Linux Kernel nvdimm NULL Pointer Dereference Vulnerability in ndtest Probe Function

A vulnerability in the Linux kernel's nvdimm testing framework can lead to a NULL pointer dereference. This issue arises in the ndtest_probe function, which allocates three DMA address arrays. If the memory allocation fails, the function does not properly handle the error, allowing for a NULL pointer dereference under low-memory conditions. The vulnerability has been addressed by modifying the allocation process to check for errors and return an appropriate memory allocation failure response, thereby preventing the NULL pointer dereference.

Impact

Exploitation of this vulnerability can cause a NULL pointer dereference, leading to a crash of the affected system or application.

Reproduction

The vulnerability can be reproduced by loading the nvdimm ndtest module on a system with low memory availability.

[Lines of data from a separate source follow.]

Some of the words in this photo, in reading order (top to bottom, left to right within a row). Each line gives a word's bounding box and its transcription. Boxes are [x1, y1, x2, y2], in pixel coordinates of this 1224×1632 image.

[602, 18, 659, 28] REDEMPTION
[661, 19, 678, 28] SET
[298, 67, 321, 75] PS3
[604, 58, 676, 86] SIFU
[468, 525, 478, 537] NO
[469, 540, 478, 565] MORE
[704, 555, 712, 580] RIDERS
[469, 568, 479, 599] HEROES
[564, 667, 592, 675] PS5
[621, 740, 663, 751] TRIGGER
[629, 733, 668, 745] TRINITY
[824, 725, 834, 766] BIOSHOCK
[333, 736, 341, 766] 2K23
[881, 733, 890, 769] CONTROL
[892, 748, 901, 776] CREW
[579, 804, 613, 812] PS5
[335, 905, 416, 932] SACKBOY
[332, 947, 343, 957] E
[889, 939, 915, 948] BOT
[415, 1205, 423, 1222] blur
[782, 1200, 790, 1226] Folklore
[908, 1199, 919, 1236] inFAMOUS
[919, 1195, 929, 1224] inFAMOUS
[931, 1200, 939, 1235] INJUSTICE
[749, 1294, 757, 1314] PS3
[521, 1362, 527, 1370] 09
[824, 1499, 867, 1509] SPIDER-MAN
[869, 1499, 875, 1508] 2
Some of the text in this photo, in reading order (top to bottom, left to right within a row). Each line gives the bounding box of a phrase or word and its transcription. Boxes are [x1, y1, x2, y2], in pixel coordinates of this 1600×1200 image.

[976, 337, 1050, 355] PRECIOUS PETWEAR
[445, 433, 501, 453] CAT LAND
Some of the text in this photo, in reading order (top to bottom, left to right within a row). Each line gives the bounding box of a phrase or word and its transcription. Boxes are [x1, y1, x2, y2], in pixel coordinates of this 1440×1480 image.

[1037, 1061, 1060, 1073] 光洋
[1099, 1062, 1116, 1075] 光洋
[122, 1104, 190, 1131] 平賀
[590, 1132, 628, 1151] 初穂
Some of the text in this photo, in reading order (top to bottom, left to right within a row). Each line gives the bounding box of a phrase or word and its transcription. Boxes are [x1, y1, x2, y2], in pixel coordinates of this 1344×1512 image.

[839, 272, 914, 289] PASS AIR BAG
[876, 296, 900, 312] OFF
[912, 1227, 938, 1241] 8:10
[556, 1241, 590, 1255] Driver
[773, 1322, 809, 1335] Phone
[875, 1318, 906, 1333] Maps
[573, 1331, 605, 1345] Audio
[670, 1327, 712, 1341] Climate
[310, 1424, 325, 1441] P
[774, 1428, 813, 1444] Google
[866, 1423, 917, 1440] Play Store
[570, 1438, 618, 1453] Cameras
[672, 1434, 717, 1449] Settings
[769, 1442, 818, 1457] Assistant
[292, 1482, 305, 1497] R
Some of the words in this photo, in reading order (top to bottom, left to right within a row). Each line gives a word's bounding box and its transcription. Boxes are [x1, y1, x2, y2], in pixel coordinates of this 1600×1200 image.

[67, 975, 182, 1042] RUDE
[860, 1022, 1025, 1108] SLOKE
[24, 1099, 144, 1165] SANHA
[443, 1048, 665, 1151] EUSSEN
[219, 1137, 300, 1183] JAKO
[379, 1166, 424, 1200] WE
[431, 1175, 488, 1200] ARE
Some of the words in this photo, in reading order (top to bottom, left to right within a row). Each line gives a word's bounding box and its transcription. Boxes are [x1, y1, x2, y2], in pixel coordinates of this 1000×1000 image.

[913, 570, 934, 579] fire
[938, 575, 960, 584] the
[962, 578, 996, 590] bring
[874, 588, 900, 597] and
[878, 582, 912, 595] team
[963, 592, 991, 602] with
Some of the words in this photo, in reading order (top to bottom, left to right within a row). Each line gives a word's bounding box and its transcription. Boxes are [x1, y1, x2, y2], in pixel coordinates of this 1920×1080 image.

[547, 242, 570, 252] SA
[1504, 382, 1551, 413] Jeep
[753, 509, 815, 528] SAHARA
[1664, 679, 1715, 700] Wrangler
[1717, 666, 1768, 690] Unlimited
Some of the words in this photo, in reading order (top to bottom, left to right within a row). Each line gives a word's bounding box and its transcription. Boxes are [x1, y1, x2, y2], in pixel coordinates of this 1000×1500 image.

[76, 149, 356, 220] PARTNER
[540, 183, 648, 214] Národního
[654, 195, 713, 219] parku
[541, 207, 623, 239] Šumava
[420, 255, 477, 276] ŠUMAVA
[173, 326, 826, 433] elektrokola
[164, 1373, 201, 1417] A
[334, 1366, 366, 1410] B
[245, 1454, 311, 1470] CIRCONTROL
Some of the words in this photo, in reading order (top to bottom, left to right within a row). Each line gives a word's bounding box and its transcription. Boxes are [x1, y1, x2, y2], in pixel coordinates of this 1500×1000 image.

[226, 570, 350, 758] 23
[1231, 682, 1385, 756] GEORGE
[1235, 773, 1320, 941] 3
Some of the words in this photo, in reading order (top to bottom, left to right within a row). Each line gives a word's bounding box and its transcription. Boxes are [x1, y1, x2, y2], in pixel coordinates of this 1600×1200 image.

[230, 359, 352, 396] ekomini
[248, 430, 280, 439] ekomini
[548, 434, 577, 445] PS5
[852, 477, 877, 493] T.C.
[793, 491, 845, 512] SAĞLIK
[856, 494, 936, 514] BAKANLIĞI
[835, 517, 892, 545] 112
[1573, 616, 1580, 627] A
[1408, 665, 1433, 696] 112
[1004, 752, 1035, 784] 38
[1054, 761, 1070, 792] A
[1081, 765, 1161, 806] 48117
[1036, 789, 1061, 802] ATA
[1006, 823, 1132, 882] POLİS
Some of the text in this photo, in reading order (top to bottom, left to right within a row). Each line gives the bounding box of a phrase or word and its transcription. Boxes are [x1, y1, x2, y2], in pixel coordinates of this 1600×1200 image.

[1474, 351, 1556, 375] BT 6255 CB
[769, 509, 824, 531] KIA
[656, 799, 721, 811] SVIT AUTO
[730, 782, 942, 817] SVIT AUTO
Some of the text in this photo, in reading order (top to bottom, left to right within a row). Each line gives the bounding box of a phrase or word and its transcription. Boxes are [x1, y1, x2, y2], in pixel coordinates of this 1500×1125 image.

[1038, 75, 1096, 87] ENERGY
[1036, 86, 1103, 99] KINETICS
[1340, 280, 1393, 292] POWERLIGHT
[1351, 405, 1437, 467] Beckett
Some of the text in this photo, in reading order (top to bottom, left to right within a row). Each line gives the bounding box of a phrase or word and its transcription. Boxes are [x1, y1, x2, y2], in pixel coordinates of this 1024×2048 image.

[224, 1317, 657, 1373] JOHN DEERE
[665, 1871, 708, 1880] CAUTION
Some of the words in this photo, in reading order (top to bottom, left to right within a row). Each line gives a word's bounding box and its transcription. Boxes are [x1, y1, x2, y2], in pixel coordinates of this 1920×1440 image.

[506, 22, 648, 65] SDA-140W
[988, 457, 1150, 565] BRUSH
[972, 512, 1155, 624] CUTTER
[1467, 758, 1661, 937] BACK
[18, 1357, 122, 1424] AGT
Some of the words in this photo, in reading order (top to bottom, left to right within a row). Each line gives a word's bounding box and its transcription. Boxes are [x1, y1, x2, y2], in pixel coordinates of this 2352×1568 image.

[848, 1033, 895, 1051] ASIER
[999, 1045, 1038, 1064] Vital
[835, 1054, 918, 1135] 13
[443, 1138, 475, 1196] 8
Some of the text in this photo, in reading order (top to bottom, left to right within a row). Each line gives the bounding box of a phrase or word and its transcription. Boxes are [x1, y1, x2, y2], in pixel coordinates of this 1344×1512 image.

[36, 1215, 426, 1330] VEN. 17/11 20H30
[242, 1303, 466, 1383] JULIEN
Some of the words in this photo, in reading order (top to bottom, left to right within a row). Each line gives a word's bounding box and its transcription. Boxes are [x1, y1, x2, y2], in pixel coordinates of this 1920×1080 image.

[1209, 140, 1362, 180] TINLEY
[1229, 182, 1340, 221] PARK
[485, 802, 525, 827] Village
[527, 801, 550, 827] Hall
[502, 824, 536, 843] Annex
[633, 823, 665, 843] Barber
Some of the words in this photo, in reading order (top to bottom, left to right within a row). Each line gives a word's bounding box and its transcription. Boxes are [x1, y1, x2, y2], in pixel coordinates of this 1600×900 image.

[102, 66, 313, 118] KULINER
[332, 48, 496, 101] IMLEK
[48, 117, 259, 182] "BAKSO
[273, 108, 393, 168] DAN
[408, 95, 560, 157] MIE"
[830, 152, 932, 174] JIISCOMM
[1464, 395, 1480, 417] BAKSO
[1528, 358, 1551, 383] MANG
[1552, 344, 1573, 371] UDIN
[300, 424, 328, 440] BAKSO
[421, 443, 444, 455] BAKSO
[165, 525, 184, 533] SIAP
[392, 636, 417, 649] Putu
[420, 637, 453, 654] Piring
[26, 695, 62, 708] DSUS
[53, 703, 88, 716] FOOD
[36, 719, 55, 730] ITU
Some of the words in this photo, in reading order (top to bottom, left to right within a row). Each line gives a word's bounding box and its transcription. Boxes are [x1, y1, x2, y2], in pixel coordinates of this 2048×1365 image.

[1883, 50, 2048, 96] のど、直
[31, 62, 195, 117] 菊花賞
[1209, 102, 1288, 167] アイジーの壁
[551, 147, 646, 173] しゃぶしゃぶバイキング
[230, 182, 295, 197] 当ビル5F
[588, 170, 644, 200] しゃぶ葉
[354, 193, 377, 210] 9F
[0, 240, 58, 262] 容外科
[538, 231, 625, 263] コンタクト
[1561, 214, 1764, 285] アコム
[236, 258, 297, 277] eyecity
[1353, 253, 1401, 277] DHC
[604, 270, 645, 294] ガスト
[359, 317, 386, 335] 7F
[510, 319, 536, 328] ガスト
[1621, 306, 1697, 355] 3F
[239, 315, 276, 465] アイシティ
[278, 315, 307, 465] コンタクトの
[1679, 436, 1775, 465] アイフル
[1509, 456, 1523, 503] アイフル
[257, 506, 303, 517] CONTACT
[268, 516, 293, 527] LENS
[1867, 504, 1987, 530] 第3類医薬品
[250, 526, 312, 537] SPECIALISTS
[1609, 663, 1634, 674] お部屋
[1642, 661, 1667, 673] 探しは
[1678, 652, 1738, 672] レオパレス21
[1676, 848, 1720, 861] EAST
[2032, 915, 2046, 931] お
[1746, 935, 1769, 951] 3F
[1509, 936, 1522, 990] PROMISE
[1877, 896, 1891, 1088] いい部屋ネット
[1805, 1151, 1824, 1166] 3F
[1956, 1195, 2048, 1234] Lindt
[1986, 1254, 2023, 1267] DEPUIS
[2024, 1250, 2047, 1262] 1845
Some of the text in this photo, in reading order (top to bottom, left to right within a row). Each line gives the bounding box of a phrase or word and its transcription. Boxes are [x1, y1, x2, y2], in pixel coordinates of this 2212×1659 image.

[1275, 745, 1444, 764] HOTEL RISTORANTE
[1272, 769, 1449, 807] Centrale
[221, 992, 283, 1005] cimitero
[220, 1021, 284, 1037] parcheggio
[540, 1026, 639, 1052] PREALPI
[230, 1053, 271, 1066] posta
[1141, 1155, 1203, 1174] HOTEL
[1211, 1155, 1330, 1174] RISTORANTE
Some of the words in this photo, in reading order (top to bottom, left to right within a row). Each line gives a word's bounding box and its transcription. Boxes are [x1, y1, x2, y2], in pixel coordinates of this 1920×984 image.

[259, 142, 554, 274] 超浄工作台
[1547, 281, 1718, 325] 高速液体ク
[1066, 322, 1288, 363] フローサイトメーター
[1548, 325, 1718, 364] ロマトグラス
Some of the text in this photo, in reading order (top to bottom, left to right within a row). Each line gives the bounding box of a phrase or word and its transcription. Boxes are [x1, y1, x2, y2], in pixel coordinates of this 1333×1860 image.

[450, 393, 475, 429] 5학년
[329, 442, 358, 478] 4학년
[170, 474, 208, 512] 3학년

The ndtest_probe function will attempt to allocate memory for three DMA address arrays. If any of these allocations fail, the function will not properly handle the error, resulting in a NULL pointer dereference when it tries to use the unallocated memory. This can be observed by monitoring the system for crashes or instability after loading the module under low-memory conditions.

Remediation

Users can update to the latest version of the Linux kernel, where this vulnerability has been fixed. Instructions for updating the kernel can be found in the official Linux documentation or through the package management system of the Linux distribution in use.